Task details = Your output should match the listing below word for word, without any images.

Listed entries =

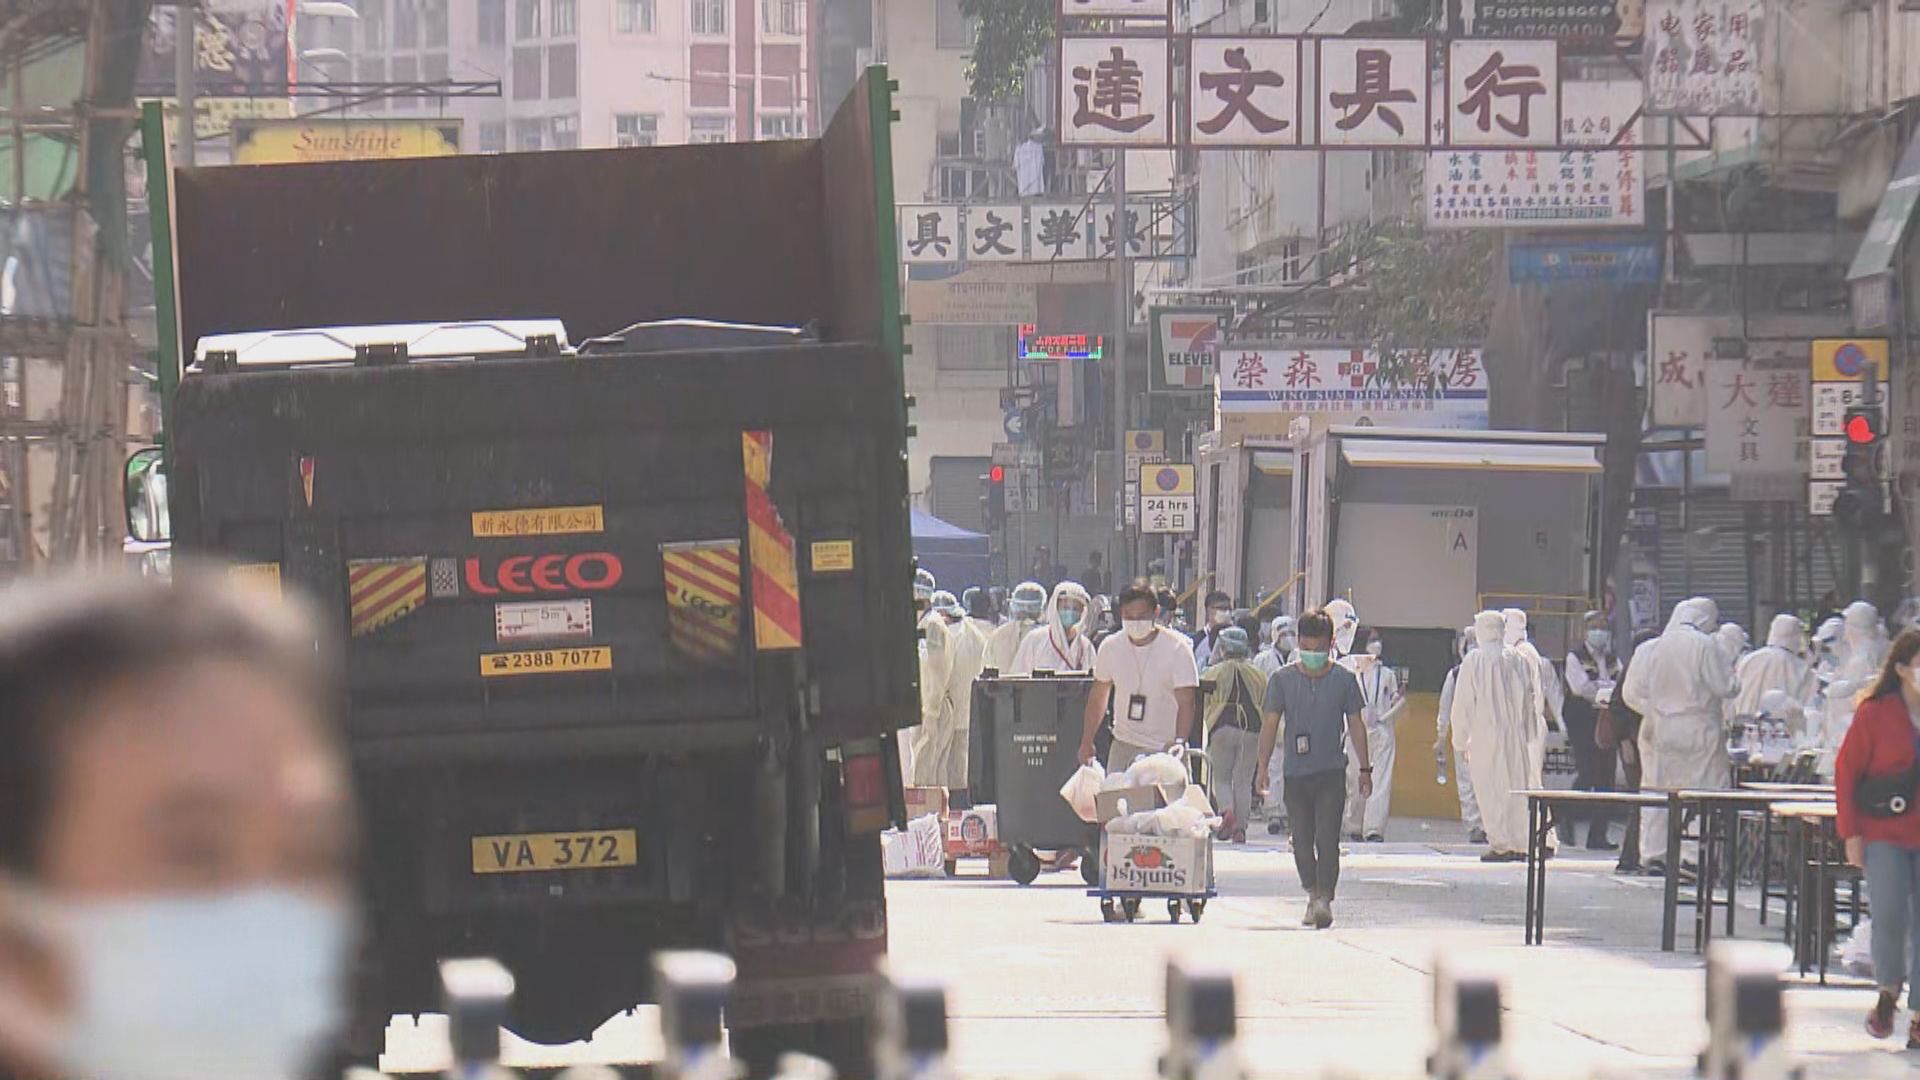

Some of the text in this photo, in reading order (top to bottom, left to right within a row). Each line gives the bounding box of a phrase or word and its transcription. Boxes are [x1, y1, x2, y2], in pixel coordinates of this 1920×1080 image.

[293, 127, 401, 151] Sunshine
[1316, 390, 1347, 401] SUM
[1147, 500, 1188, 511] 24 hrs
[1153, 513, 1185, 529] 全日
[1453, 532, 1468, 550] A
[464, 551, 623, 595] LEEO
[512, 650, 601, 668] 2388 7077
[492, 836, 619, 867] VA 372
[1112, 865, 1187, 888] Sunkist

Worked solution =
Some of the text in this photo, in reading order (top to bottom, left to right within a row). Each line gives the bounding box of a phrase or word and its transcription. Boxes are [x1, y1, x2, y2], in pixel coordinates of this 1920×1080 image.

[293, 127, 401, 151] Sunshine
[1316, 390, 1347, 401] SUM
[1147, 500, 1188, 511] 24 hrs
[1153, 513, 1185, 529] 全日
[1453, 532, 1468, 550] A
[464, 551, 623, 595] LEEO
[512, 650, 601, 668] 2388 7077
[492, 836, 619, 867] VA 372
[1112, 865, 1187, 888] Sunkist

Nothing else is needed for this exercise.